Back in July, Darin Sand, vice president for development at Goodman Realty, told the Albuquerque Journal “We are diversifying and looking to other cities and states in terms of future investments, and I think that’s smart … because of the political environment here.”

He was one of several local business owners who expressed concerns about their ability to do business in Albuquerque in the article, “ABQ businesses manifest financial ruin.” The story highlighted in stark detail the impacts of the economic lockdown. It also showed ways in which state and local economic policies make life difficult for local businesses.

Yet the Albuquerque City Council will be bringing up the issue of a paid sick leave mandate. This comes on top of a minimum wage increase passed in 2019 by the N.M. Legislature that will take the city’s lowest wage from $9.35 an hour to $10.50 an hour starting in January. That’s a 12% increase.

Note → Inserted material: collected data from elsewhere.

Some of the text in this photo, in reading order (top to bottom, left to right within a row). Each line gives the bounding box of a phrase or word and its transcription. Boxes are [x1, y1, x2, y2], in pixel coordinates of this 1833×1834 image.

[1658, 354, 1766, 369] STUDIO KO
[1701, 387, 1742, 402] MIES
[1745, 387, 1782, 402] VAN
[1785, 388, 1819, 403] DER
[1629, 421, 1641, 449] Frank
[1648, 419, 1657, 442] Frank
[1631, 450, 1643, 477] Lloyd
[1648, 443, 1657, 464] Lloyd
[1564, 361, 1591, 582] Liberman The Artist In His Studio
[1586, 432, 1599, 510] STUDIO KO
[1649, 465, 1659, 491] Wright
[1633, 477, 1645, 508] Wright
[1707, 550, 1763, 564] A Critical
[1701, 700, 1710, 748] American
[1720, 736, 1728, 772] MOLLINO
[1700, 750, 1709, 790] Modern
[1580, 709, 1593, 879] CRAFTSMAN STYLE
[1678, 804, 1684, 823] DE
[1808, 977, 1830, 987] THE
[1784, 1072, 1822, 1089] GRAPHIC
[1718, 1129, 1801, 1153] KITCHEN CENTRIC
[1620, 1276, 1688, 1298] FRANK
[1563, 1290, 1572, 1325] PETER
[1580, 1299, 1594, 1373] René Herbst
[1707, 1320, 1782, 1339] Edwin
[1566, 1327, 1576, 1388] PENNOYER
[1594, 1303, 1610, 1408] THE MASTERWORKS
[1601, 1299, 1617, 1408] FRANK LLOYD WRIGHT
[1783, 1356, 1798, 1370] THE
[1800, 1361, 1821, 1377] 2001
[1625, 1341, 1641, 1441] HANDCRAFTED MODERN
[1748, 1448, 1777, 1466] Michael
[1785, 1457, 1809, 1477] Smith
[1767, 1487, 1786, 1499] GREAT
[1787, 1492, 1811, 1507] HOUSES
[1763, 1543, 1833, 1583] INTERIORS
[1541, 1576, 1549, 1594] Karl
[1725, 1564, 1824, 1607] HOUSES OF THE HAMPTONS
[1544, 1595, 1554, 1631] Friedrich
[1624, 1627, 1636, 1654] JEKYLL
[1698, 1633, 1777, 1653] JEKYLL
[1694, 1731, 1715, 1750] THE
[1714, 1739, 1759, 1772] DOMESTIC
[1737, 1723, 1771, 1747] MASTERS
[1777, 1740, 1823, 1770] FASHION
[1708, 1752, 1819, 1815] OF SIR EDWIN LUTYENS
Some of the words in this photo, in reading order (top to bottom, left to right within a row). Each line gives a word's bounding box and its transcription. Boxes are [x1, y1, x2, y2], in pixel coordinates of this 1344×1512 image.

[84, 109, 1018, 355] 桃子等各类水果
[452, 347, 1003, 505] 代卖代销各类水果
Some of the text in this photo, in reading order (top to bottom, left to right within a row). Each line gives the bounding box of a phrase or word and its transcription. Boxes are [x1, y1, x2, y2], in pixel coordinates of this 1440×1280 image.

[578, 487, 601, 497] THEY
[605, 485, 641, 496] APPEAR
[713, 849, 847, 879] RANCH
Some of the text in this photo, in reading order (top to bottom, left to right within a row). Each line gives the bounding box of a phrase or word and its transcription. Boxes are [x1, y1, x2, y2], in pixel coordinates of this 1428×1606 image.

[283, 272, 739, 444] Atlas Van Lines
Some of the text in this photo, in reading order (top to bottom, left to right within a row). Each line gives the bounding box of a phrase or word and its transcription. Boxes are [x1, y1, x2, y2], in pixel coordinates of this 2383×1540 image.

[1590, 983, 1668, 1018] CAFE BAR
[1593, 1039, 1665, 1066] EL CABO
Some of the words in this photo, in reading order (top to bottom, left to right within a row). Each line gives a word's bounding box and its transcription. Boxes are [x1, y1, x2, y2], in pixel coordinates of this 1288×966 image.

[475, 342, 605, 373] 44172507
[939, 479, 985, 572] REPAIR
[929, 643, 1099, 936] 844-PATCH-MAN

Not many local businesses have achieved 12% growth this year. In fact, the list of local business closures in recent months, due mostly to COVID-19, is long and growing fast. Does the City Council really want to hasten the demise of even more of the stores and restaurants that make our city and state unique?

Albuquerque voters rejected a paid sick leave mandate in 2017. And the City Council rightly decided to put off the issue back in June of this year. It is hard to see what has changed that would merit the imposition of yet another increase in the costs of doing business.

If anything, with the state’s economic lockdown dragging on and Albuquerque’s unemployment rate elevated, the state of most small businesses is even more precarious than it was this summer. A widely-acknowledged trend to arise from the COVID 19 pandemic is that many big corporations are doing fine or even better than before, while small businesses are struggling. Numerous local businesses have yet to reopen at all since March, and yet the City Council is considering imposing additional costs and regulations on them.

The ongoing COVID situation should not be an excuse to impose more costs on local businesses. At the beginning of the outbreak Congress passed the Families First Coronavirus Response Act (FFCRA), which requires employers with less than 500 employees to provide paid sick leave or expanded family and medical leave for specified reasons related to COVID-19. This paid leave is then paid back to the employer by the federal government. This is effective through Dec. 31 and likely to be extended with the next federal relief package.

It is, of course, small, family businesses that will be most negatively impacted by another costly policy. That’s because unlike big corporations, each new mandate makes doing business incrementally harder as they have less cushion and are not diversified in numerous areas of the country.

Valuing small business is why we’ll all celebrate Small Business Saturday later this month. While many of us have enjoyed the ability to have products and services delivered during this pandemic, it is also worth noting that Amazon doesn’t sponsor many youth baseball and soccer teams around town.

While businesses in Albuquerque face numerous difficulties, we do value our workers and want them to be healthy. In fact, workers often stick with small businesses because they more resemble a family. We know COVID-19 has impacted all of us, not just our bottom lines, but our friends, families and employees. We’ve heard “We’re all in this together.” If that is truly the case, now is definitely not the time for Albuquerque’s City Council to put more regulations on struggling local businesses.